The Sylph in Stockings

Airy or Shadowy Ones
are baffled by phylacteries of dog's droppings
and a snake's head
is sovereign against baleful manifestations

Never wander off humming
with a notion to bathe in lonely mountain pools
WARNING water-girls hang out there

Carry dog-lites in your pocket
to shame their nakedness
their rich sticky-bud honey-stuck nipples

Don't get half arsed strolling at night

Don't stop for a piss behind a tree
gazing up at Orion's Belt
because old goat-man will stop by

Carry some sliced tortoise meat as a counter-spell
keep a prophylactic in your back pocket
or you may swell up and die

The Shadowy Ones will make friends with dogs
knowing the wolf-whistle by heart
they will learn your name and call it on the wind

They have no shame naked as daylight

They will sit around welcoming fires at night
playing their enticing flutes of random and chaos

Reviews

'The poems are loose-jointed, limber, the poem as orbit of words around a body that is always dropping away.
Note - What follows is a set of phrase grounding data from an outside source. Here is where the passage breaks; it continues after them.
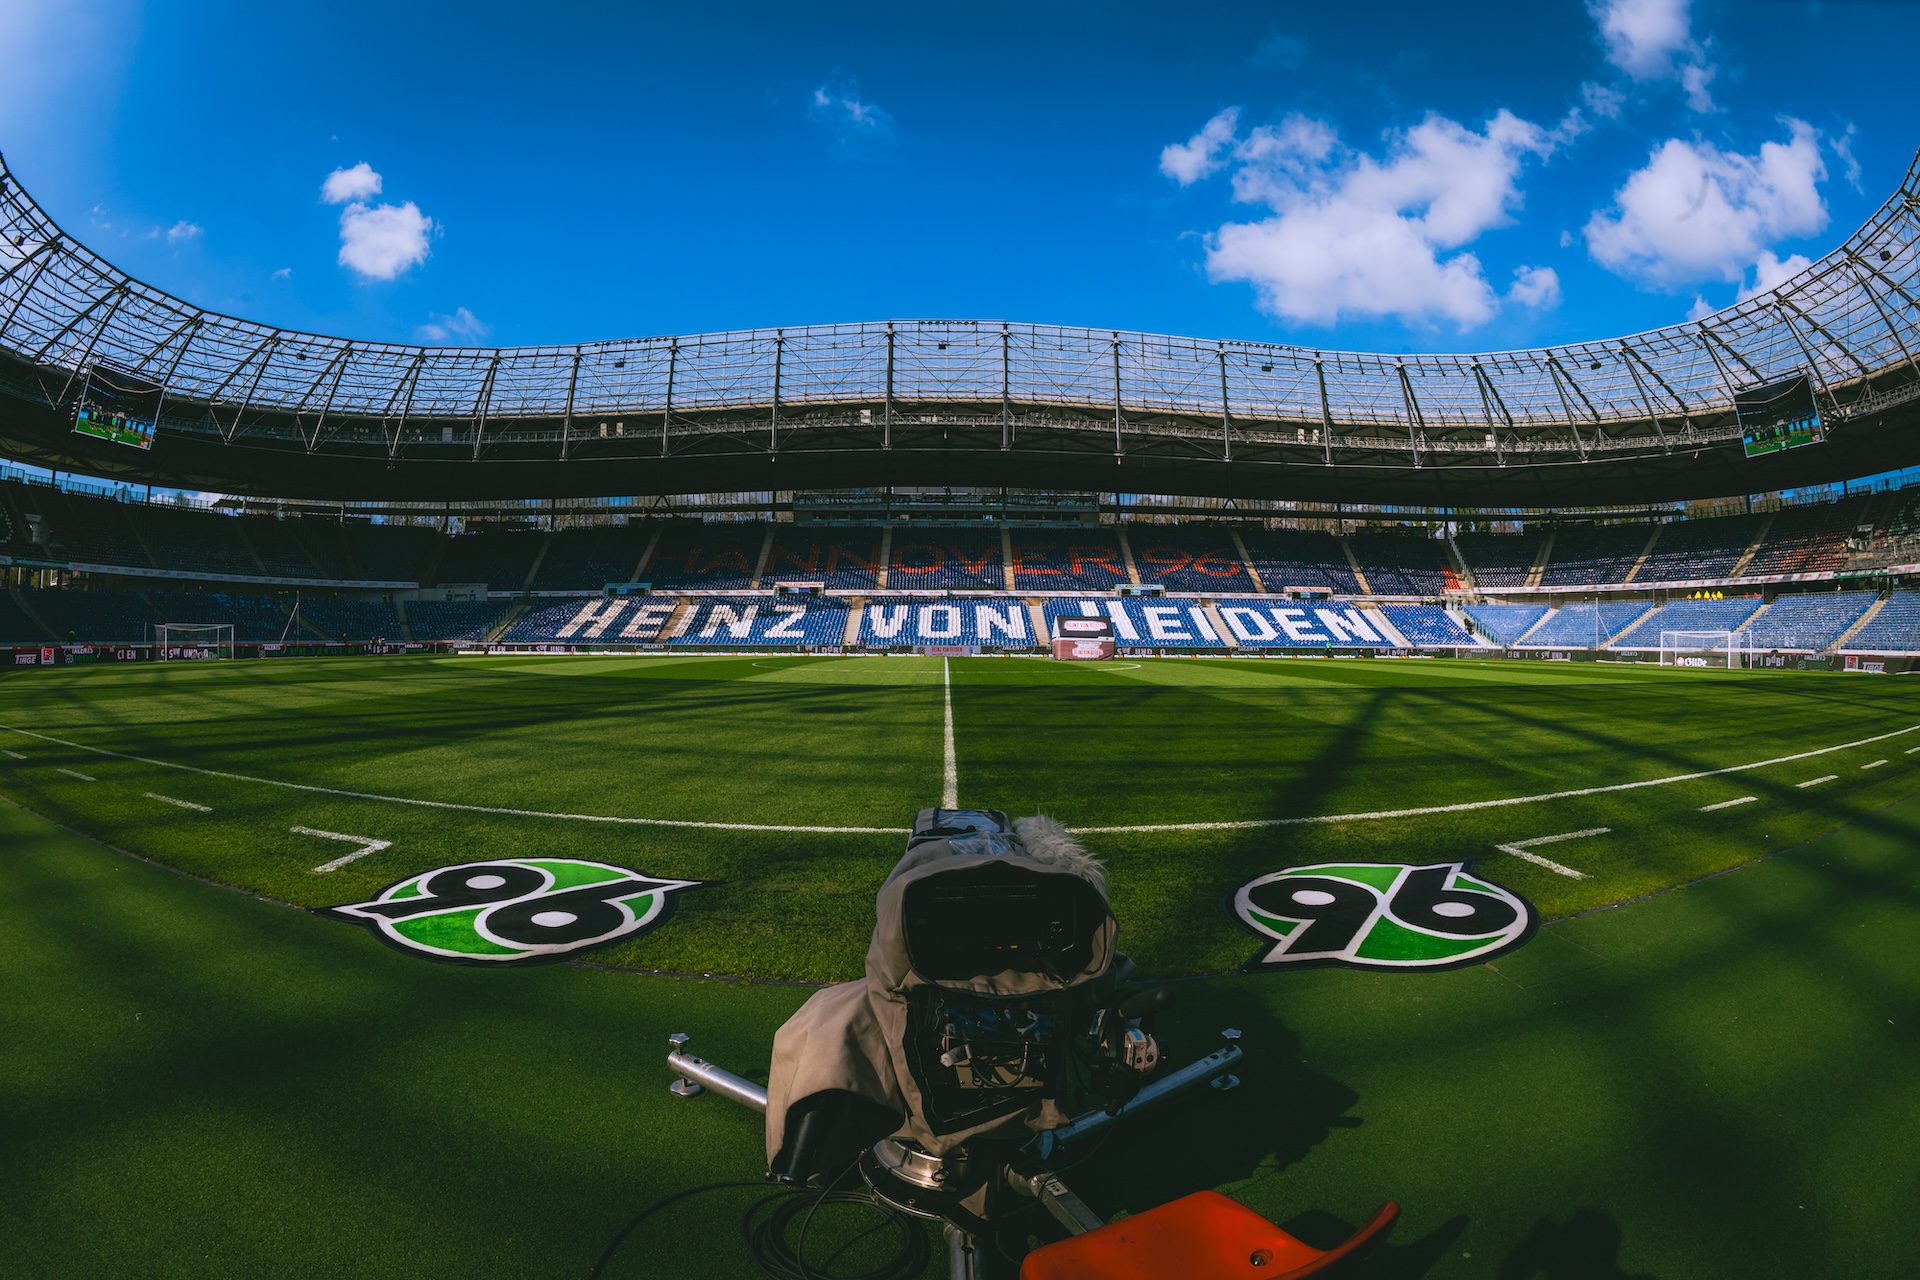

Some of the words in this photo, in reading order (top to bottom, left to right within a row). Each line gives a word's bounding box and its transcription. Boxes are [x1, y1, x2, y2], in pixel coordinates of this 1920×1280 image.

[641, 544, 1125, 575] HANNOVER
[1141, 547, 1241, 577] 96
[556, 599, 807, 640] HEINZ
[868, 604, 1027, 640] VON
[14, 654, 37, 664] TIRGE
[1248, 866, 1520, 956] 96
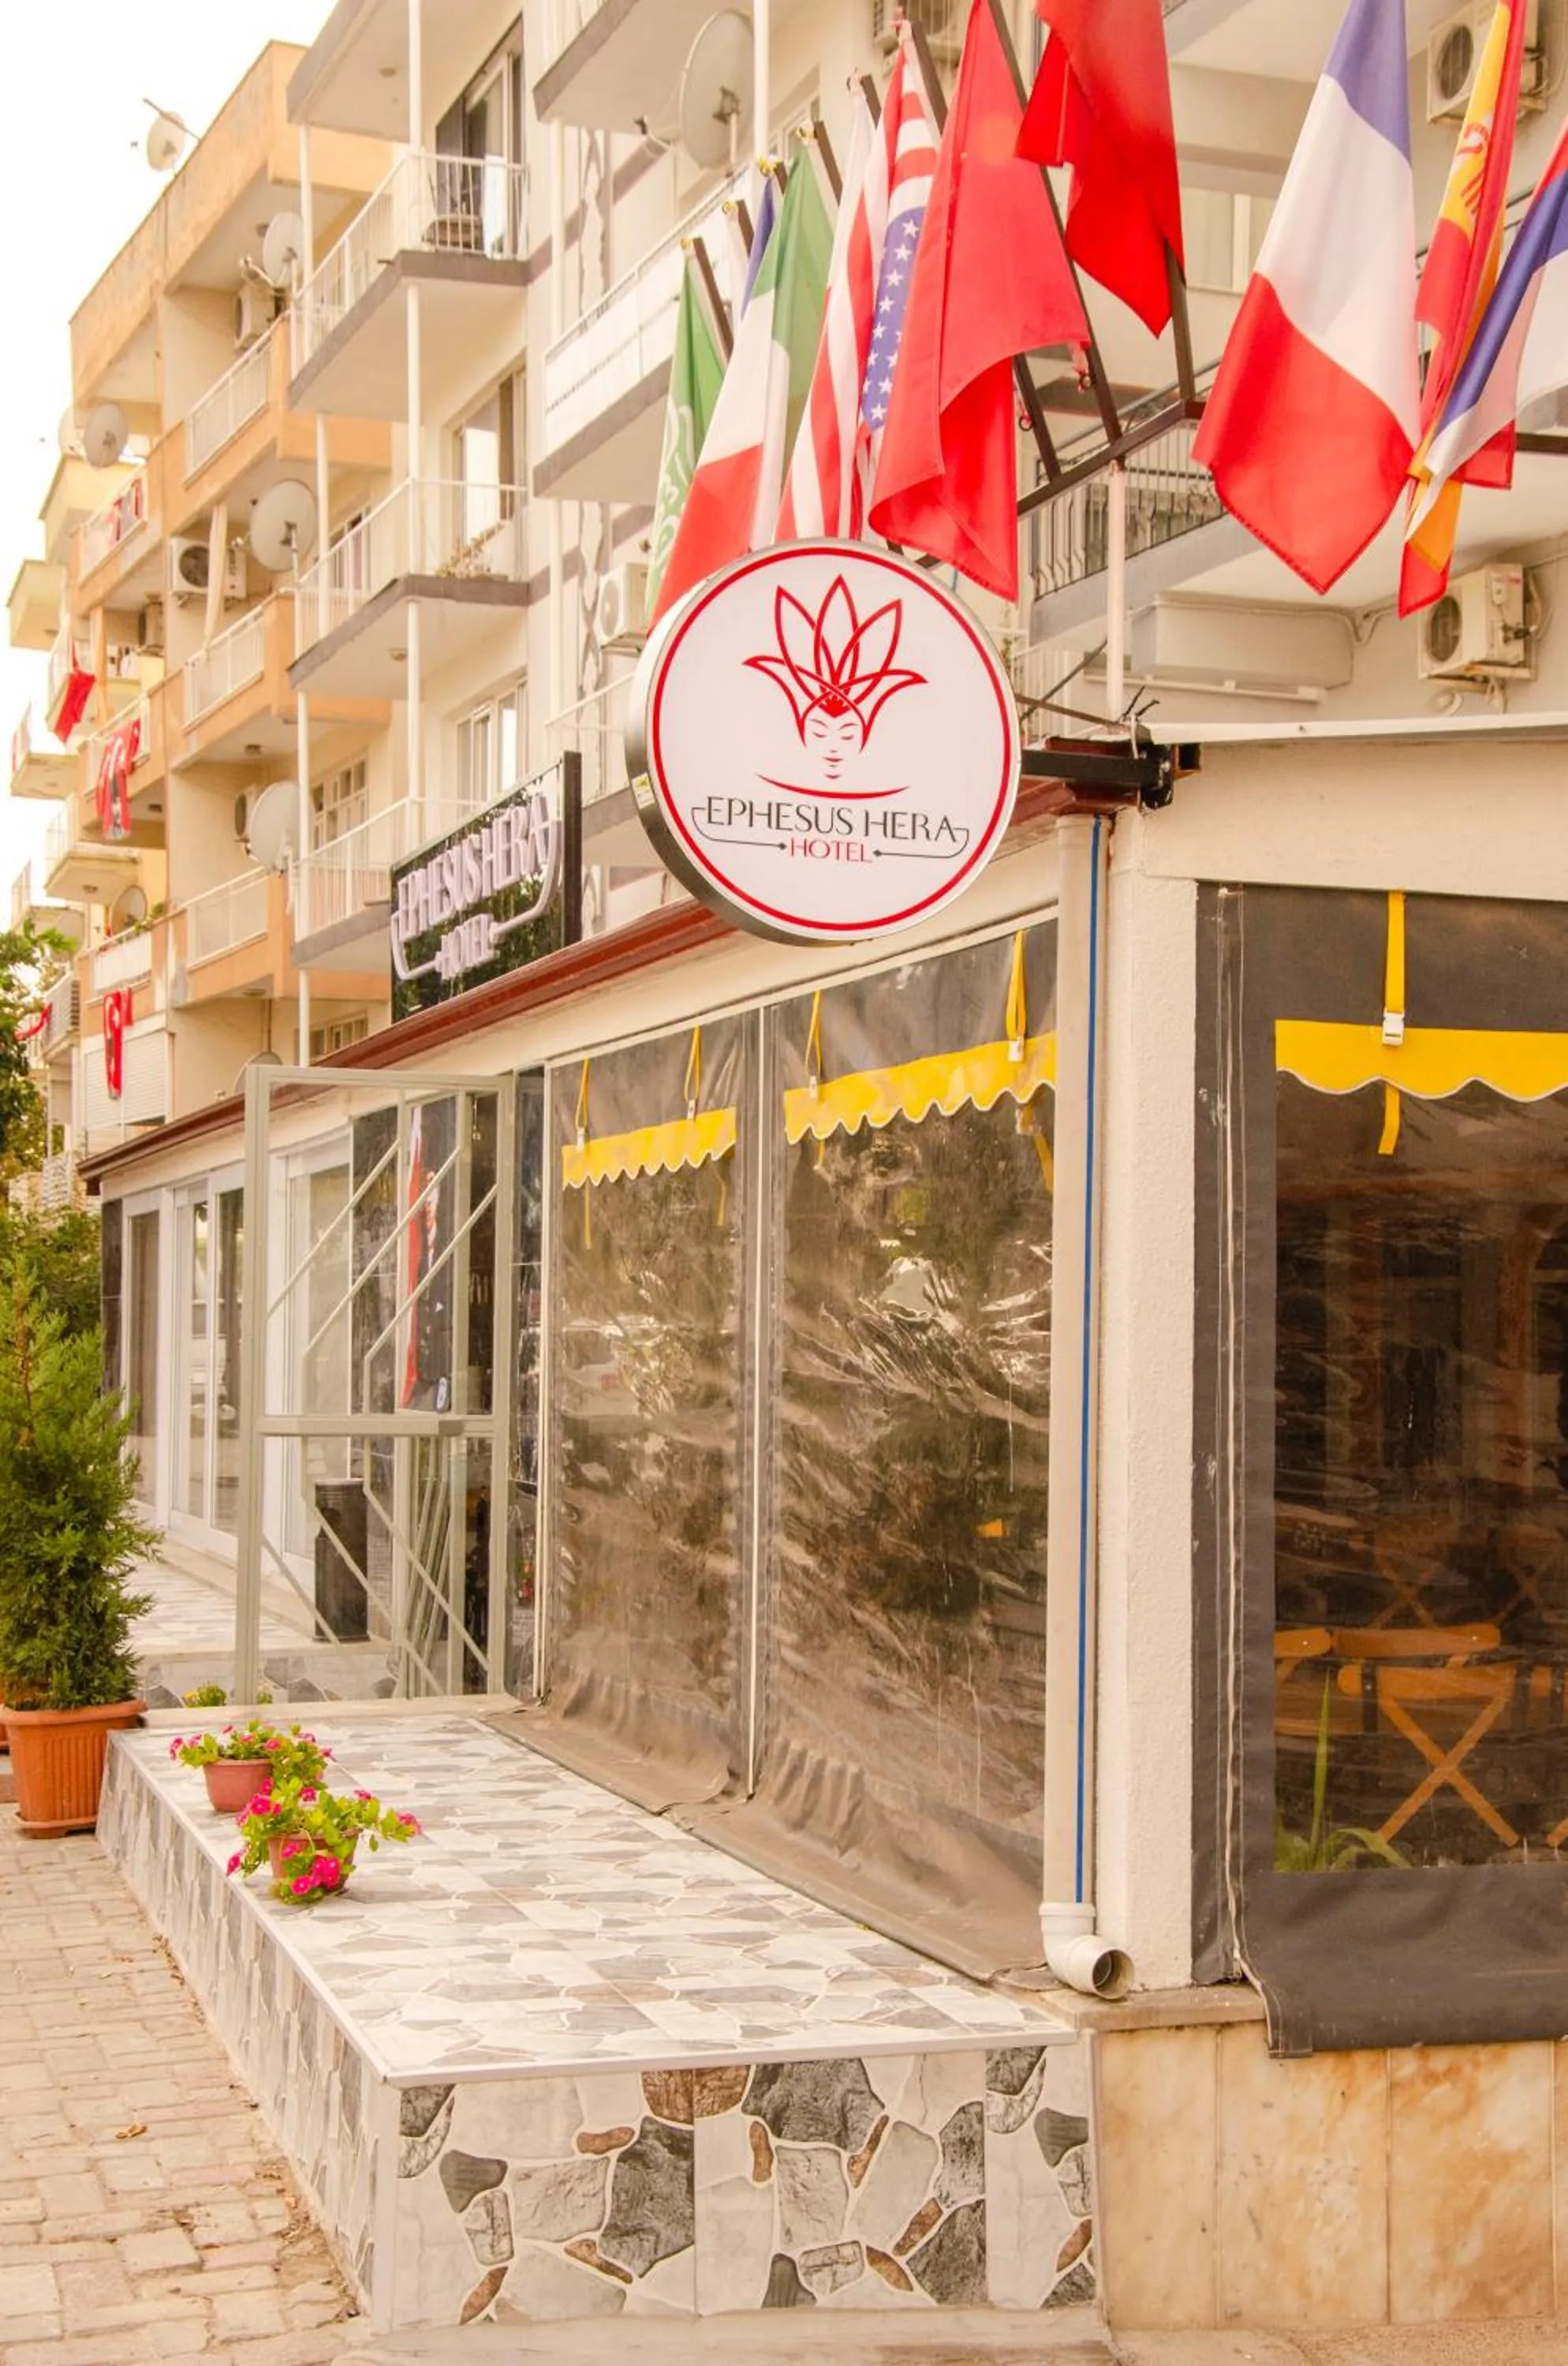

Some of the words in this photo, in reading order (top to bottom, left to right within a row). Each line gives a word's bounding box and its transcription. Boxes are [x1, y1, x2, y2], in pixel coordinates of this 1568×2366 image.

[480, 792, 551, 898] HERA
[707, 795, 853, 836] EPHESUS
[864, 808, 958, 844] HERA
[790, 837, 874, 864] HOTEL
[439, 913, 499, 980] HOTEL
Sometimes the poems threaten dissolution or brilliance then disappoint either expectation. They go slack. I suspect this is partly the point. The poems are cannier than that. There is one that declares itself "First Anti Poem" and another which is "The Next Poem" and begins:

 defeated by (I don't know what and everything)
 I stem a flow
 I've stopped now but the words wobble out in some form

Ralph Hawkins is the writer of non-collapsible ironies. Or, of canny wobbles.' --Edmund Hardy, Terrible Work.